Police chiefs hope the investment pays off by improving service to immigrant communities and easing fear of officers in those areas.
“To fight crime, you have to be able to communicate,” said Susan Shah of the Vera Institute of Justice in New York, which used a federal grant to review the language practices of nearly 200 law-enforcement agencies nationwide.
New York Police Commissioner Raymond Kelly has emphasized hiring bilingual officers — especially those fluent in languages spoken in countries with terrorist ties.
“It helps immensely working with the communities in the city, the most diverse city in the world,” Kelly said. “We can, in very short order, get someone on the scene who speaks the language.”
That’s what happened when a detective in Brooklyn heard shouting last week on a bus parked near an Arab- American community.
Ahmed Nasser, a native of Yemen, is one of roughly 11,000 members of the NYPD who can speak a second language. He found the bus driver accusing the passenger of not paying the fare and spitting on him.
The passenger, who was from Yemen, already had been handcuffed by a patrolman. He claimed the driver punched him, and his knee was bloodied.
Nasser spoke Arabic with the passenger, who also had a speech impediment. He was eventually let go, and neither he nor the bus driver was charged.

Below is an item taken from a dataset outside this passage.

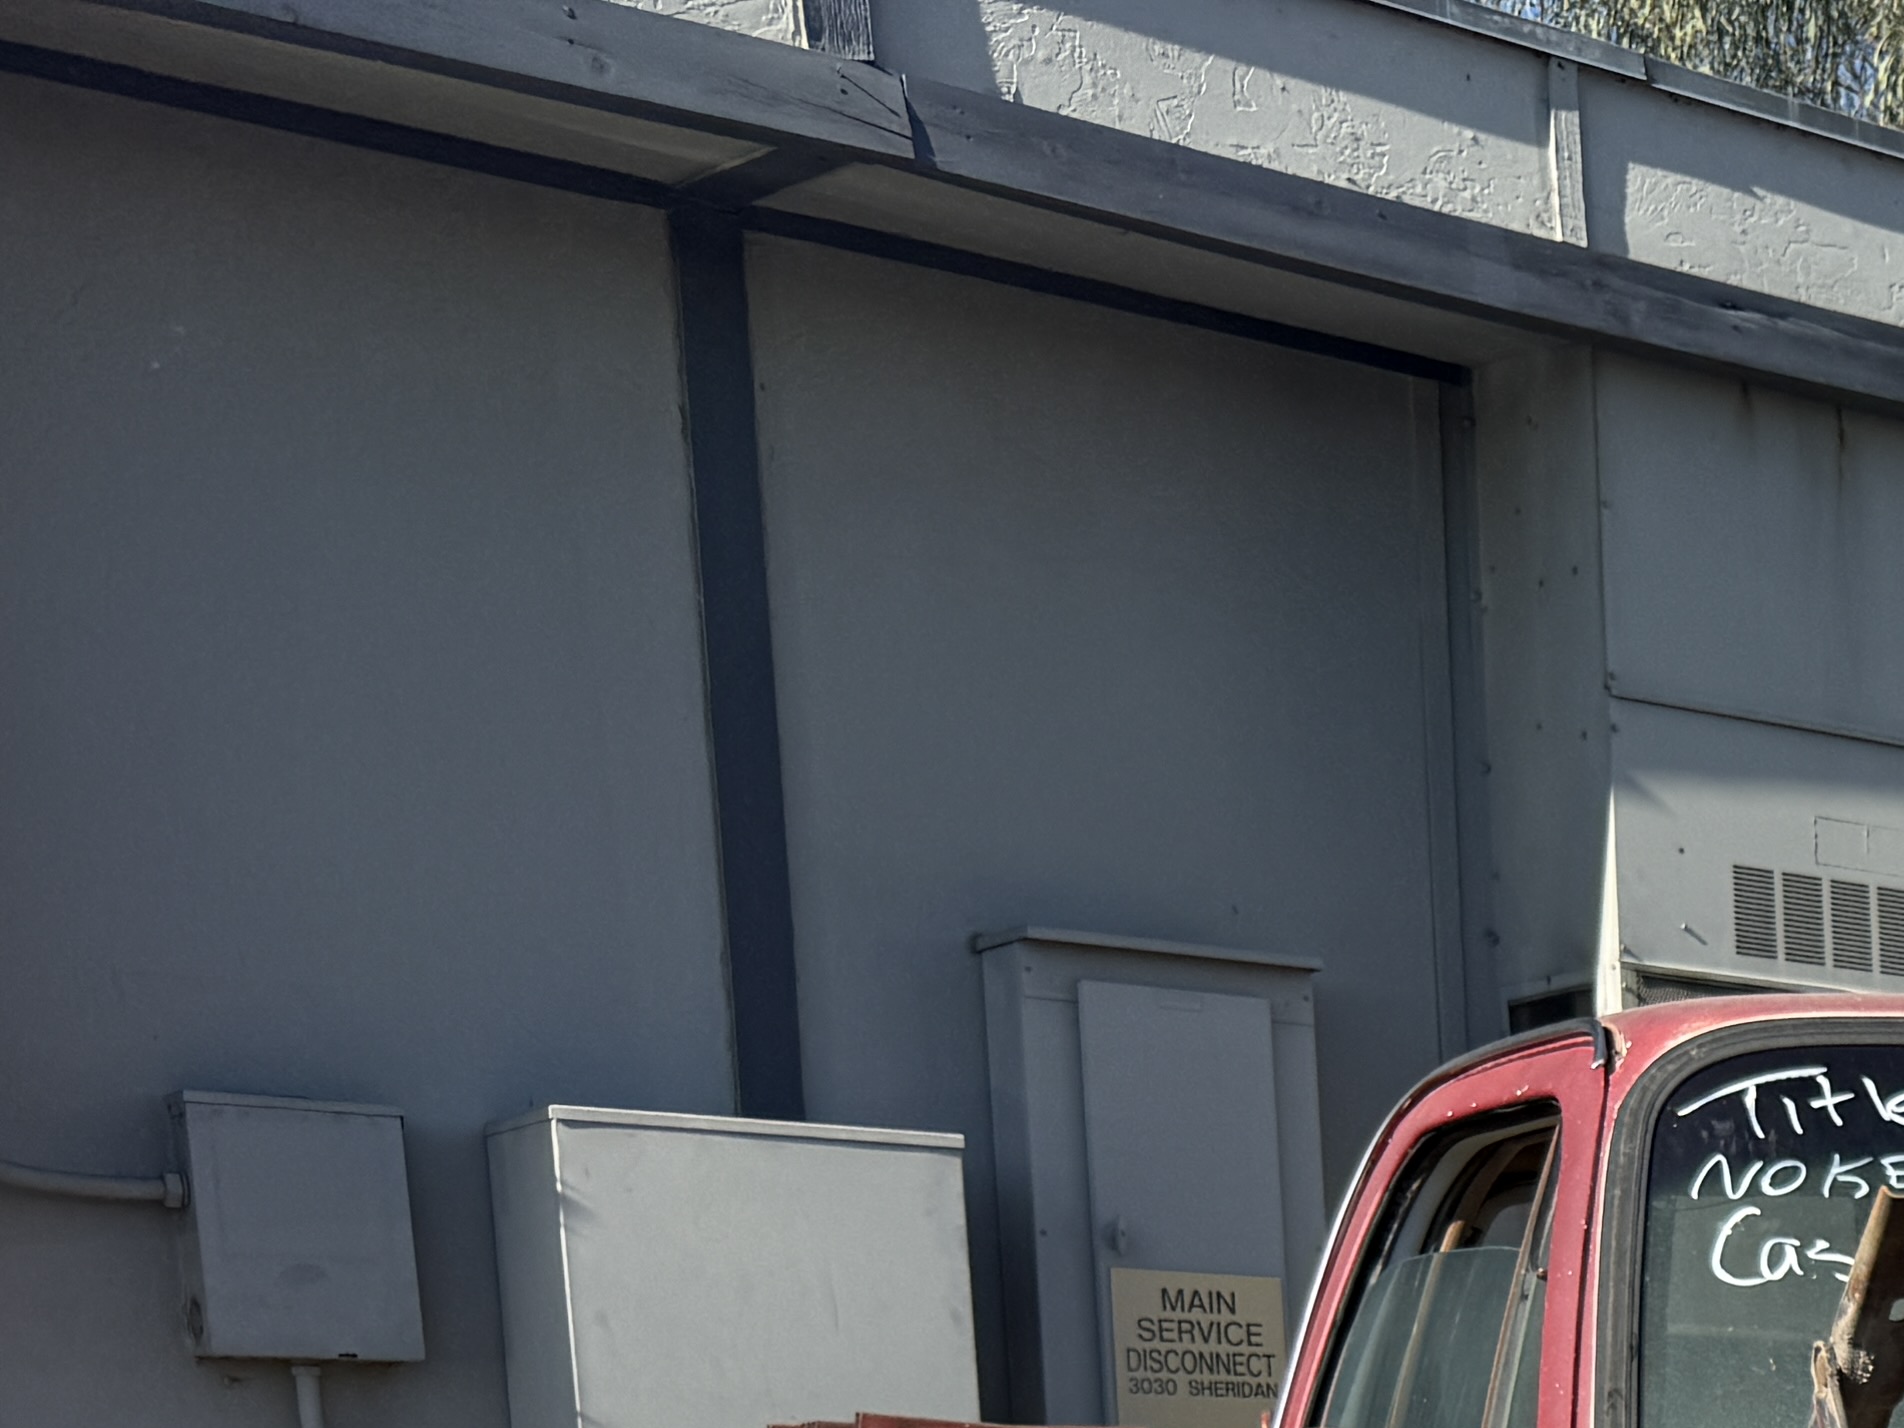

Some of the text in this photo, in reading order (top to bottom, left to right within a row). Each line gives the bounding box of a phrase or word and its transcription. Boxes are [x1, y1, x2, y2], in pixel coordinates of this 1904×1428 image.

One-third of NYPD employees can speak a second language. Of those, 785 are certified linguists, or expert translators, in 63 languages, including Bengali, Dari, Farsi, Arabic and Urdu. Bilingual officers do everything from intelligence gathering to undercover work to community outreach.
In Chicago, the nation’s second-largest police force with roughly 13,000 officers, some 3,835 speak additional languages, most commonly Spanish, Polish and German. The department is also in its first year of requiring officers to take a 24-hour Spanish course during their academy training.
The Los Angeles Police Department gives raises to as many as 3,305 officers who become fluent in another language — one-third of the department.